Wynton!!!
Garfield goes toe-to-toe with a 48-year-old man, and loses
By Sam Koelle
Published May 15, 2009
On the first day of the 2009 Essentially Ellington Festival, competition participants had an opportunity to ask questions of virtuoso trumpeter Wynton Marsalis. Amongst the brown nosing band nerds asking about Marsalis’ preference for shrimp or oyster, clean cut Garfield pianist Ben Hamaji had something else in mind. He issued his proposal, “I was wondering if you wanted to play some one-on-one.”
All Marsalis said at the time was an indefinite “maybe,” but he could not back down from the challenge. Two days later, Hamaji was promised “a guaranteed butt-whooping,” as he demonstrated his crossover to Marsalis on stage at Lincoln Center.
Nevertheless, at 11:30 p.m. on the last night of the festival, Wynton was nowhere to be seen. Personally, I had given up and gone back to the hotel before receiving a fortuitous text from Frankie Pavia at 12:15 in the morning, “It’s on.”
The court was a converted recording studio on the fifth floor of the Time Warner Building, home of Jazz at Lincoln Center. The game was to 11, make-it-take-it. Hamaji started with the ball. Marsalis, realizing that he did not have the quickness to defend Hamaji off the dribble, pulled off the ball and let him shoot. Hamaji quickly went up 5 – 0. Then the dream died.
After a fateful missed jumper, Marsalis recovered the ball.
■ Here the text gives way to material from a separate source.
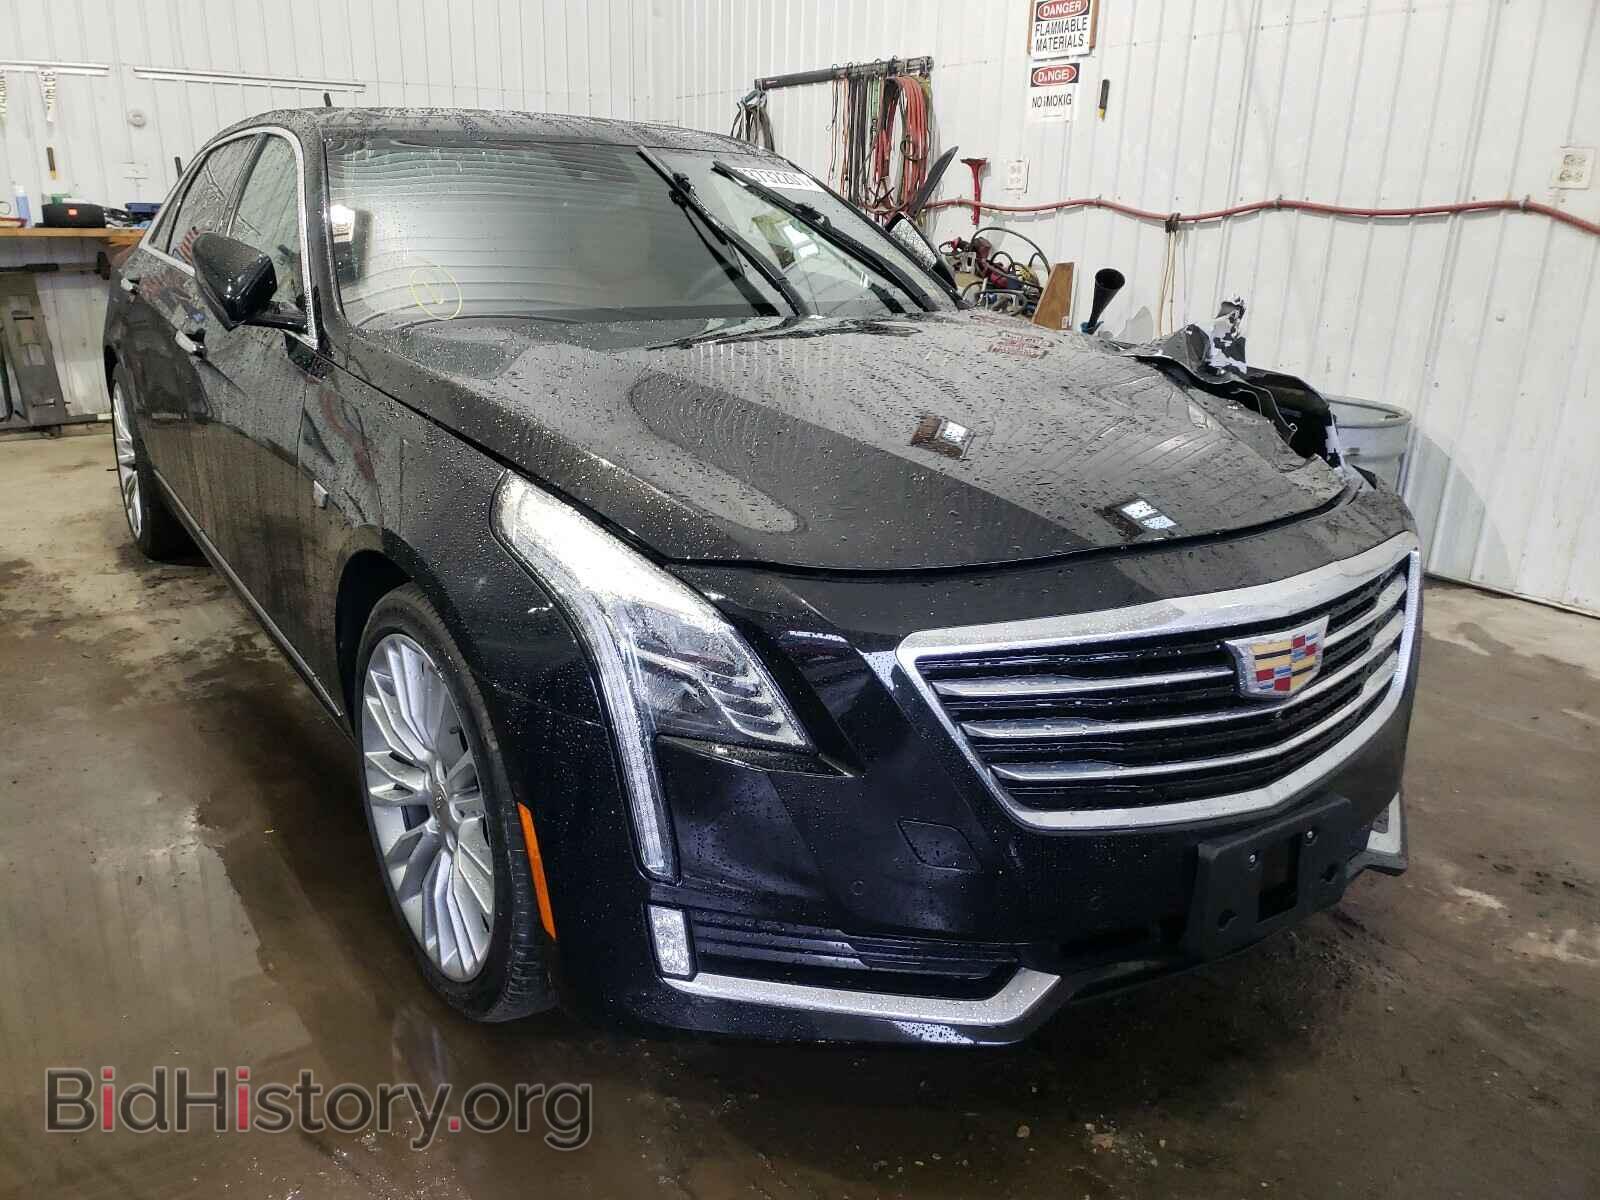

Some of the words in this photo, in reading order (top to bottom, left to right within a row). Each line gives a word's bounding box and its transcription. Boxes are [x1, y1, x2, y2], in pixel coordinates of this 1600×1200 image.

[1043, 1, 1082, 17] DANGER
[1035, 17, 1088, 37] FLAMMABLE
[1035, 33, 1084, 52] MATERIALS
[1032, 95, 1042, 108] NO
It is difficult to overstate the level of stroke demonstrated by Marsalis. He did not miss. Eleven waxed Js later, he had won 11 – 6. The game was finished, but the party lived on. Marsalis continued to showcase his prowess from the perimeter, knocking down 19 out of 20 shots from three-point range.
“He was actually unbelievable,” says Hamaji.
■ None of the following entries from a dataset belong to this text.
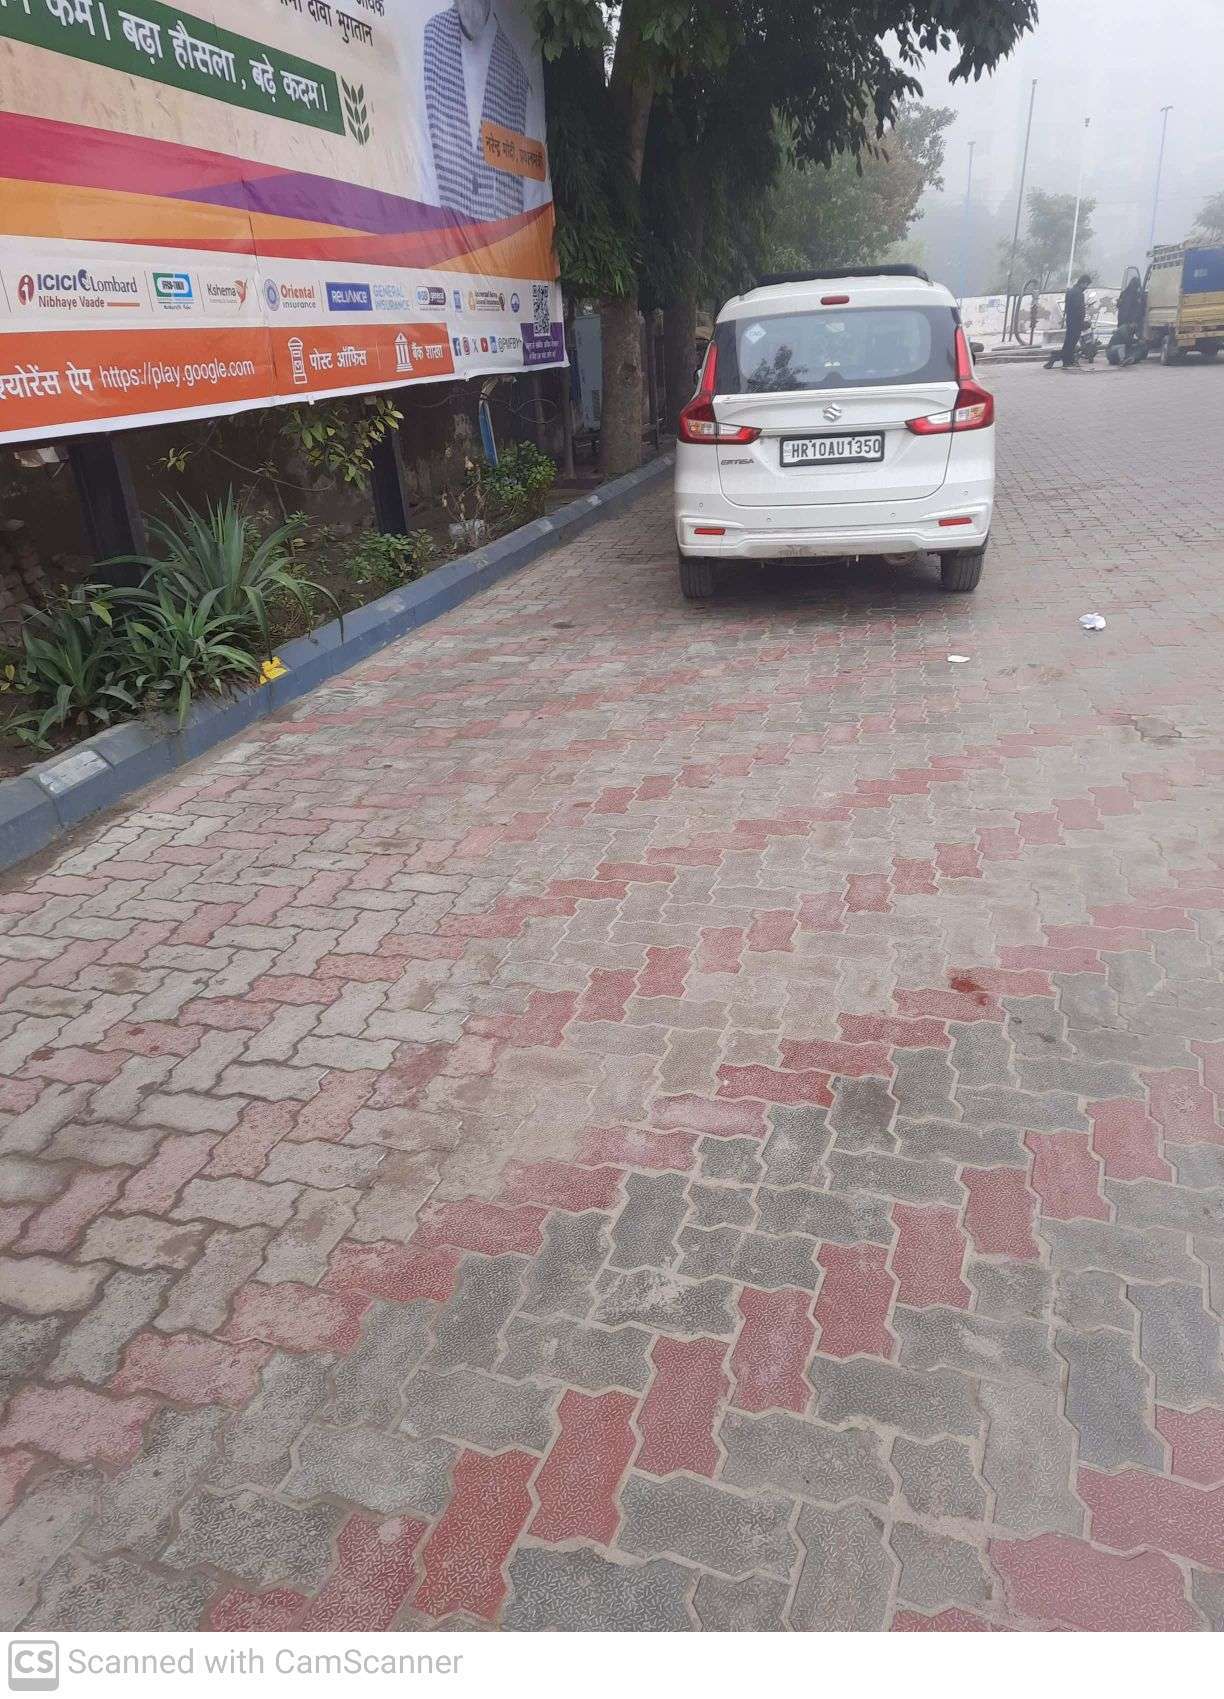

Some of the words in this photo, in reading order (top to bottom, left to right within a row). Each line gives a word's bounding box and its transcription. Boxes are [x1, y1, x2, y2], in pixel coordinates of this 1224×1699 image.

[307, 0, 332, 27] दावा
[336, 9, 374, 46] भुगतान
[118, 10, 163, 64] बढ़ा
[249, 54, 276, 103] बढ़े
[280, 70, 328, 112] कदम।
[37, 274, 78, 291] ICICI
[90, 274, 138, 293] Lombard
[207, 284, 236, 297] Kshema
[280, 284, 315, 299] Oriental
[38, 295, 78, 310] Nibhaye
[79, 295, 105, 308] Vaade
[309, 348, 333, 371] पोस्ट
[425, 344, 444, 359] शाखा
[65, 361, 95, 395] ऐप
[99, 358, 255, 393] https://play.google.com
[791, 438, 881, 458] HR10AU1350
The games continued. Marsalis carried his teams to victory, no matter who he was paired with. All different combinations were attempted. The team of Marsalis and Phil McCarthy even dispatched three jazz band girls, despite Alex Evenson’s stunning shooting performance.
With the undercard completed, third-place Garfield March Madness team Give ‘em the Willis took the court against Marsalis and two security guards. The guards both stood about six-foot-one and were in their twenties. Marsalis and the guards proceeded to run the Showtime offense. Willis had no chance.
Cliff, one of the security guards, happened to possess a mind-blowing vertical leap. At one point Cliff drove around Pavia and threw down an unbelievable reverse dunk all over his face.
“Man, those guys were good,” said Willis star Calvin Moland.
Indeed, it is hard to know exactly what the ceiling was for Marsalis and the security guards. Marsalis claimed that he was recruited out of high school, and Cliff was at least was as athletic as any NBA guard I’ve ever seen.
Hamaji, having been spanked back to Seattle, took it all in stride. “We won Ellington, we played basketball with Wynton Marsalis until two in the morning. Best. Day. Ever.”